You know the mantra: Exercise at least 30 minutes a day, three times a week and you'll lose weight. Hit the bike. Take a walk. Swim. Do something, anything, physical. That's the key that opens the weight-loss door.

At least that's what everyone thought.

According to six studies recently published by the Journal of Psychological Science, when it comes to taking off (or keeping off) the weight, exercise might not be as effective as watching what you eat.

The studies followed 1,200 people. Some thought exercise was the way to a leaner waistline. Others thought that eating a well-balanced, healthy diet would get them there quicker.

What the researchers found was that the latter group had the better idea; people who focused more on portion control and cutting carbs lost had lower body mass indexes than those who focused almost entirely on exercise.

Why? Well, the short answer, according to the researchers, is that it's much, much easier not to take in excess calories than it is to burn them once they have been digested.

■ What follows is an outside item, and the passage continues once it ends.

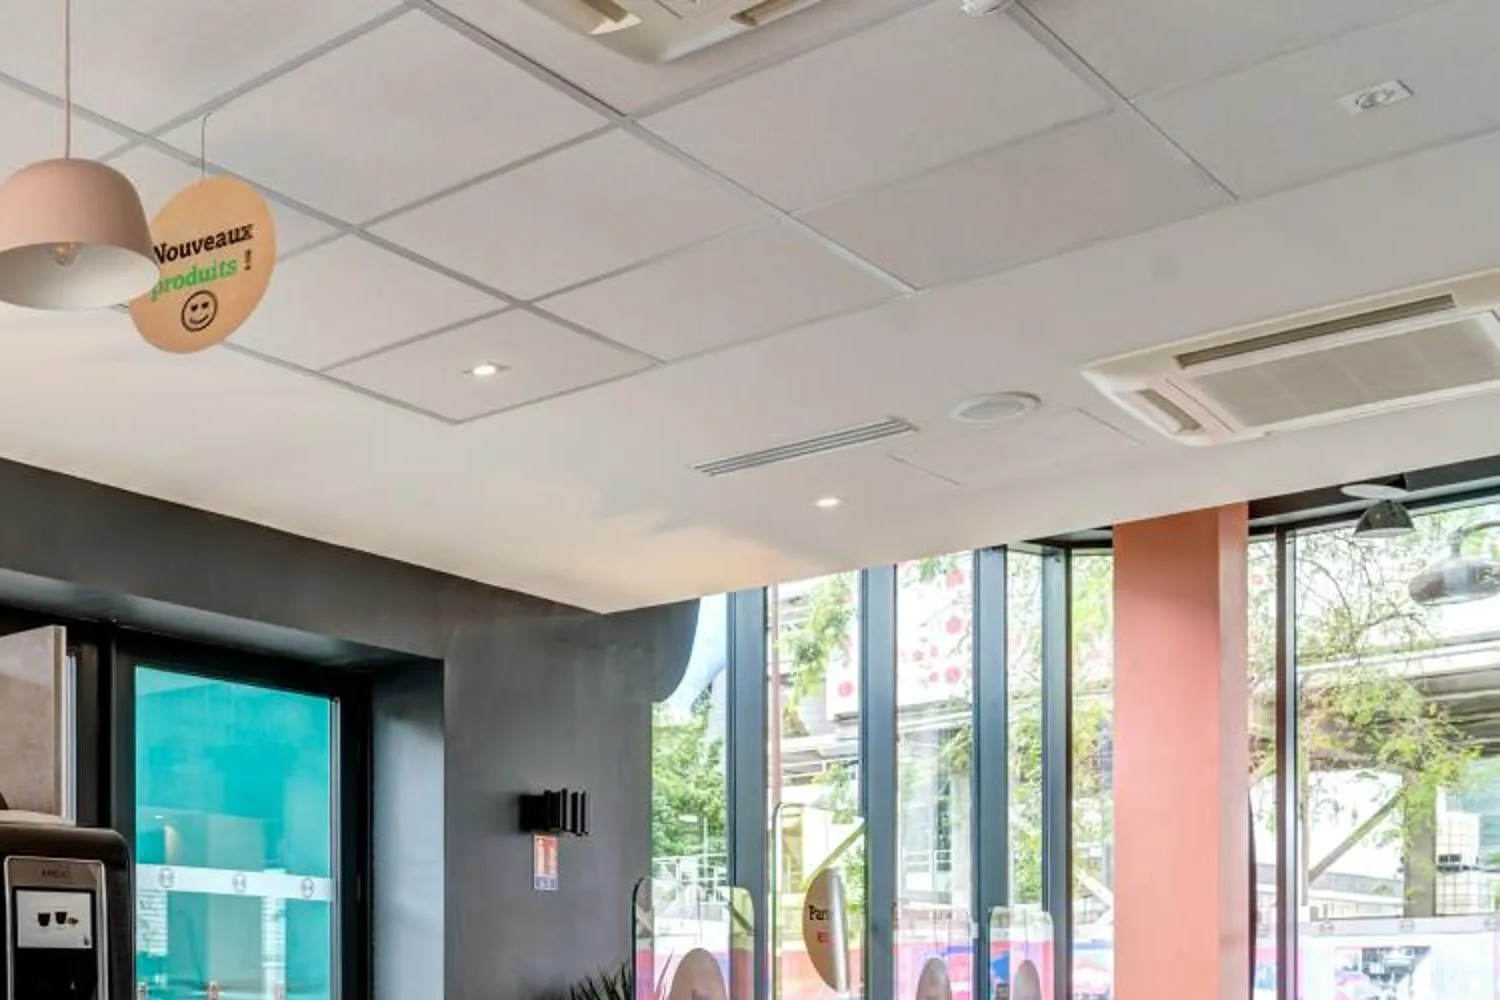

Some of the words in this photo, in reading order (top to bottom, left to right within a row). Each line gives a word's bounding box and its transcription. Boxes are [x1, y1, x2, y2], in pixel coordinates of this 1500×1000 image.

[153, 224, 254, 264] Nouveaux
[150, 258, 238, 302] produits
[243, 248, 252, 271] !

The longer explanation has to do with how long it takes to actually burn off excess calories. According to the researchers, most people have an inflated sense of how many calories they're getting rid of while they're exercising—even if the stationary bike or elliptical has one of those "calorie counters."

Also, if you eat a few handfuls of potato chips, you're probably eating around 600 calories, whether it feels like it or not. For the average person, that means spending more than an hour on a stationary bike—and most likely two hours.

So the takeaway is this: when it comes to losing weight, focus on your diet. If you want to exercise, do it. It can't hurt. It can help. But it's not the most effective way to lose weight.